Let us consider the class of matrices of the following form: $$ \begin{bmatrix}0&A\\B&0\end{bmatrix}, $$ where $A$ and $B$ are $n\times n$ nonsingular real antisymmetric matrices. After some numerical experiments I noticed that for $n$ even the null space is trivial, but for $n$ odd the null space has dimension 2. I was unable to prove or disprove that, so I am asking this question in the hope that someone else could do it.

EDIT: Any odd dimensional antisymmetric matrix is singular, so the null space has dimension at least one for theses matrices and that is the origin for the 2-dimensional null space I was seeing: one dimension for $A$ and other for $B$.
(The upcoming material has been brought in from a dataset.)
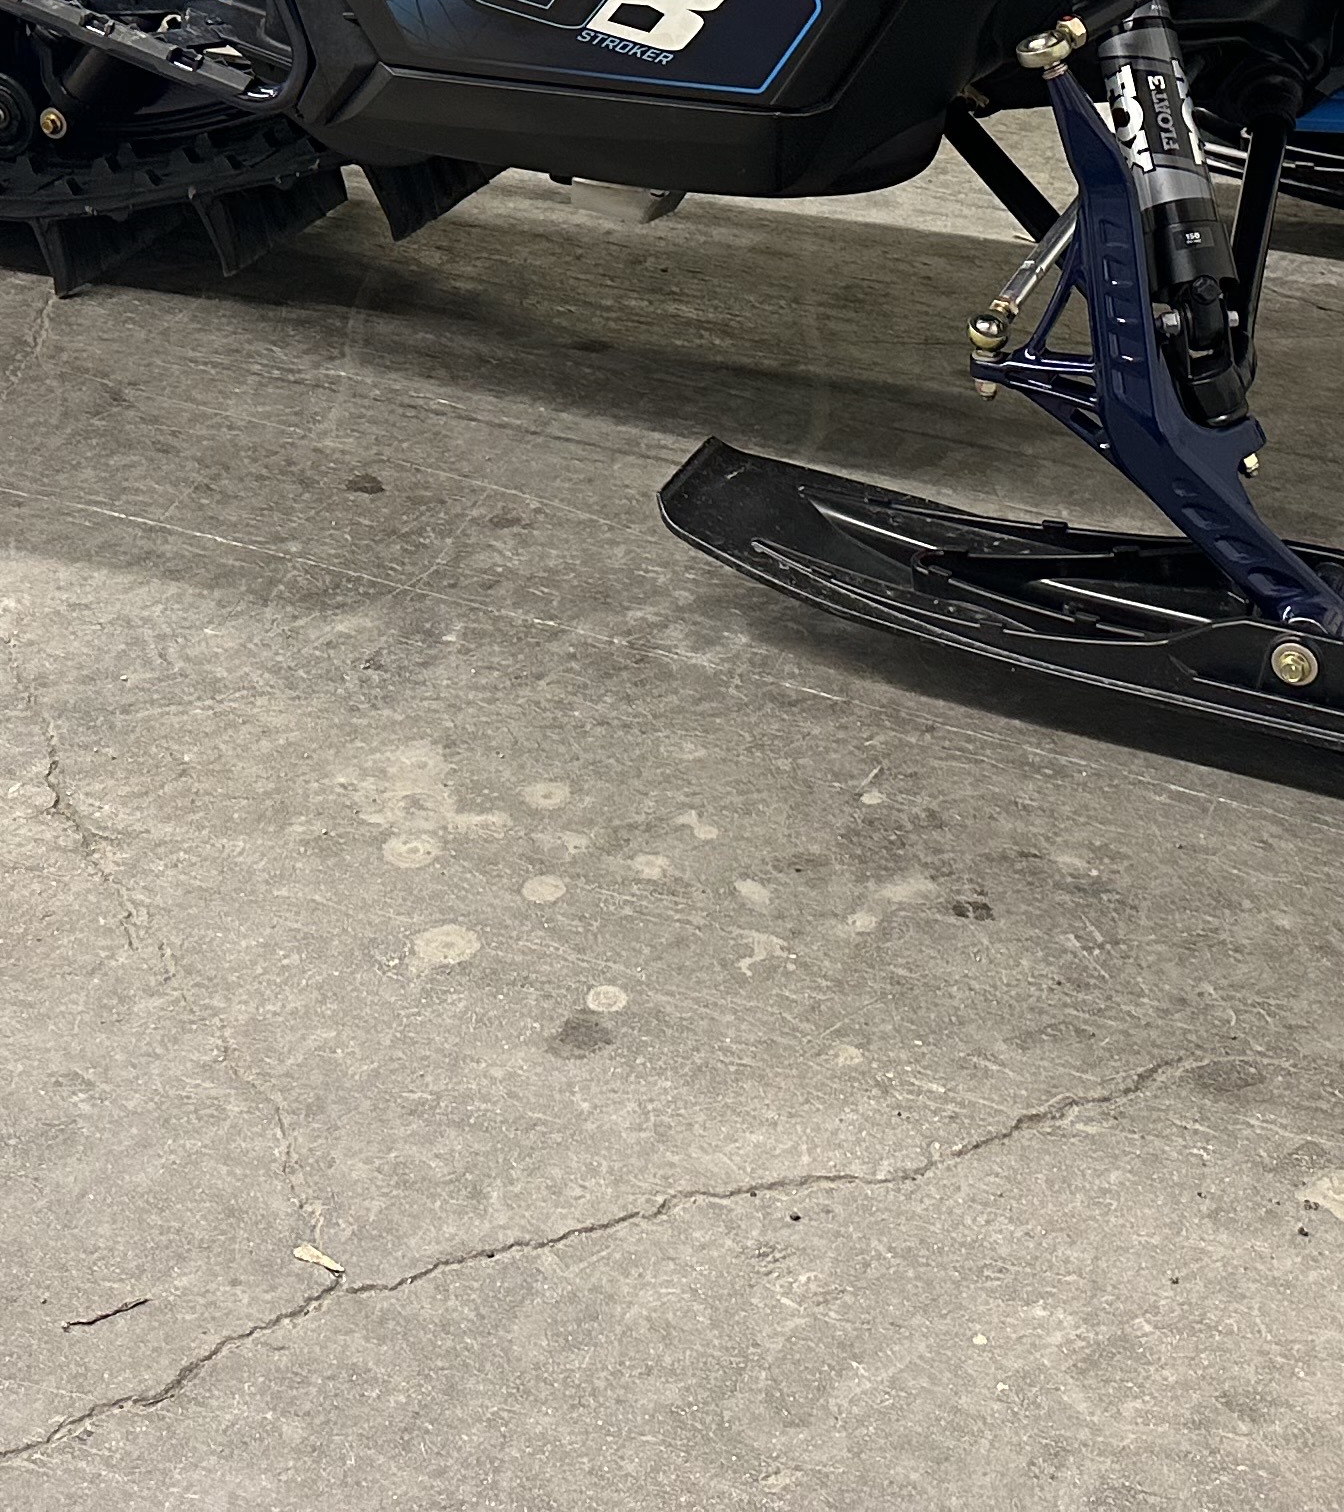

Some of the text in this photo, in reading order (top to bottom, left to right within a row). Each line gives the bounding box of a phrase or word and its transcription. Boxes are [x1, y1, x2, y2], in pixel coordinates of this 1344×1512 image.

[576, 30, 675, 66] STROKER
[1147, 75, 1180, 152] FLOAT 3
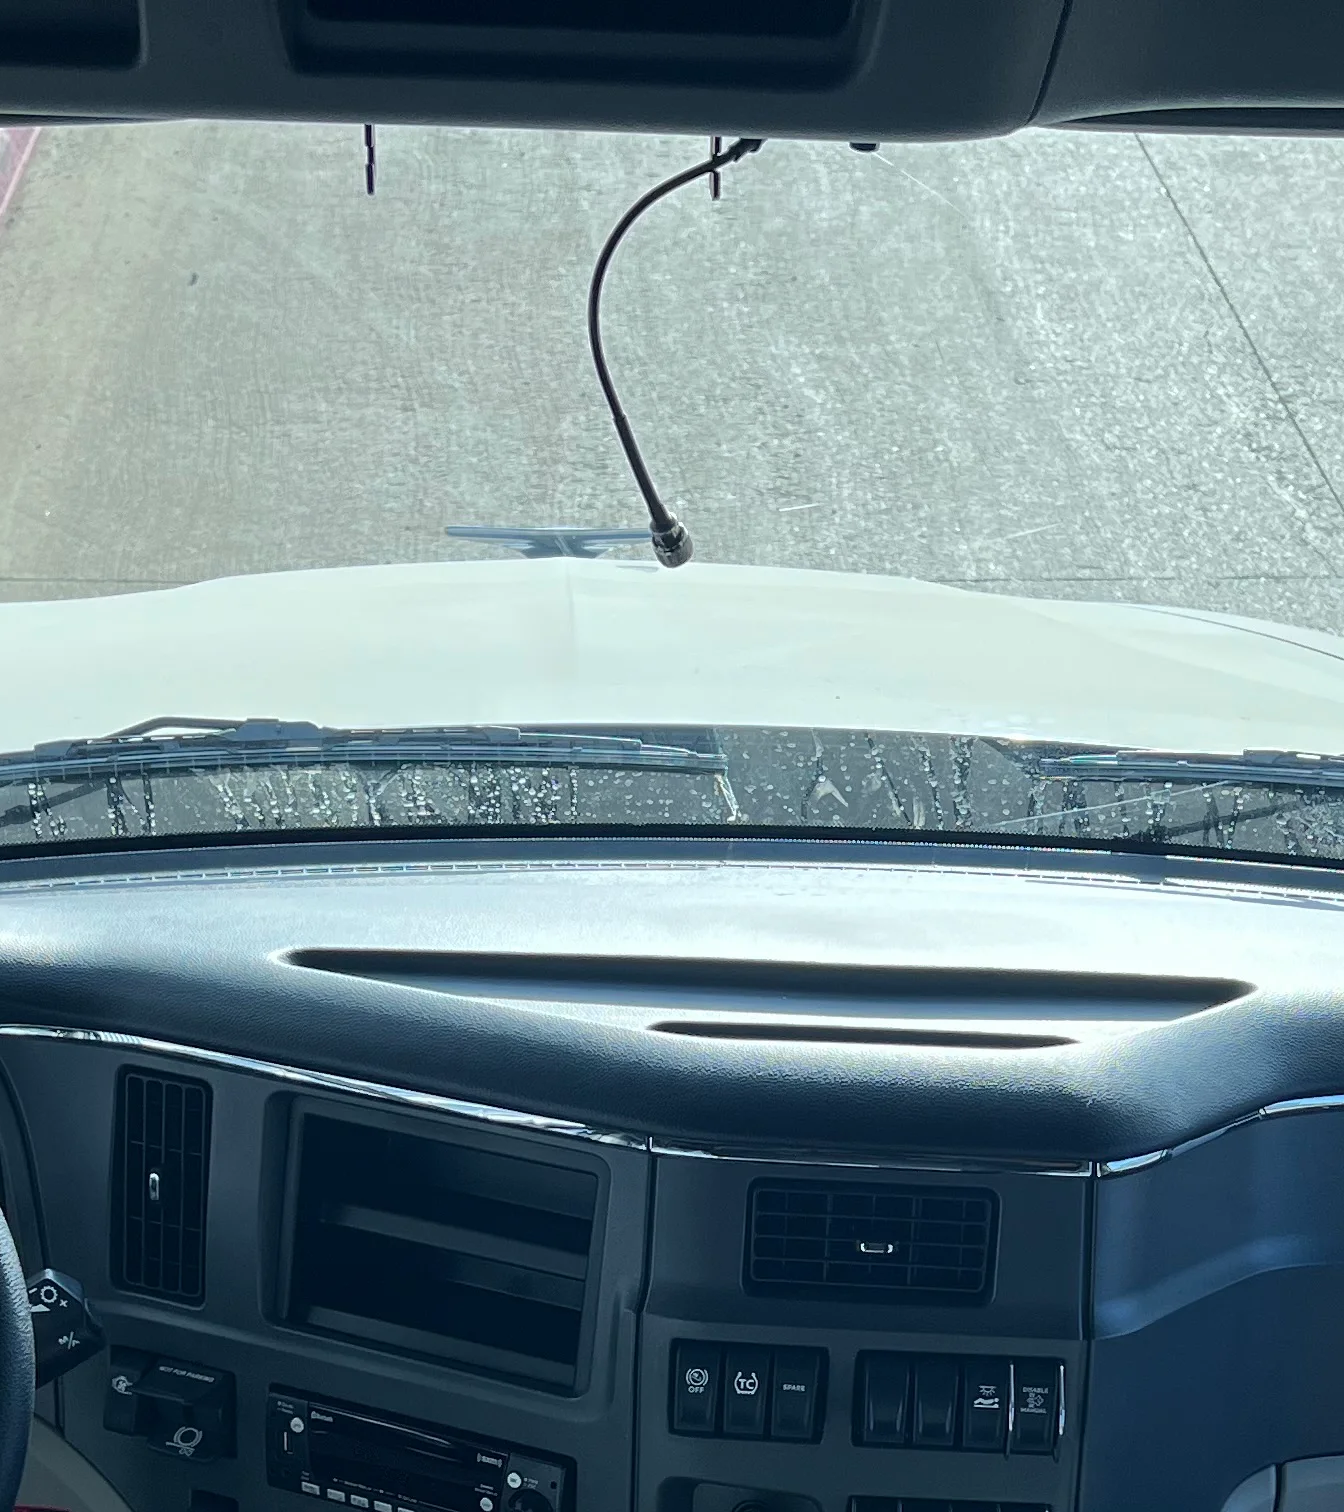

EDIT2: I was performing my numerical experiments with random matrices, so I did not worry about the matrices been singular because I knew that singular matrices are rare, then a systematic generation of singular matrices was basically impossible unless there is some basic mathematical fact that make them be singular, as it was the case. Anyway, the rank of the odd dimensional antisymmetric matrices $A$ and $B$ generated randomicaly is $n-1$ and not any number. The simple Octave code I was using is the following:

N=20 for n=3:N A=rand(n); A=A-A'; B=rand(n); B=B-B'; M=[zeros(n),A;B,zeros(n)]; disp([n,2*n-rank(M)]) endfor

Anyone can test this code online.

Answer 1

The determinant of this matrix is $(-1)^n \det(A)\det(B)$ (when $n$ is odd you need an odd number of column transpositions to make your matrix block-diagonal), therefore it is not zero since you assumed that the matrices $A$ and $B$ were non-singular. It follows that $M$ can't have a non-trivial nullspace.

Answer 2

If $n$ is odd, then $A$ and $B$ cannot be nonsingular. Indeed, for $n$ odd and $A$ antisymmetric, $$ \det(A)=\det(A^T)=\det(-A)=(-1)^n\det(A)=-\det(A) $$ so $\det(A)=0$ and $A$ is singular.

So if $A$ are to be nonsingular, you conclude $n$ is even and also that $$ M=\begin{bmatrix} 0 & A \\ B & 0 \end{bmatrix} $$ is nonsingular, because with $n$ row exchanges you can bring the matrix in the form $$ \begin{bmatrix} B & 0 \\ 0 & A \end{bmatrix} $$ and this matrix has determinant $\det(B)\det(A)$, by a repeated application of Laplace expansion.

For $n$ odd you can surely say that the kernel has dimension $2$, but you could as well say the kernel has dimension $42$, because there is no matrix of that kind that can falsify $\dim(\ker M)=42$.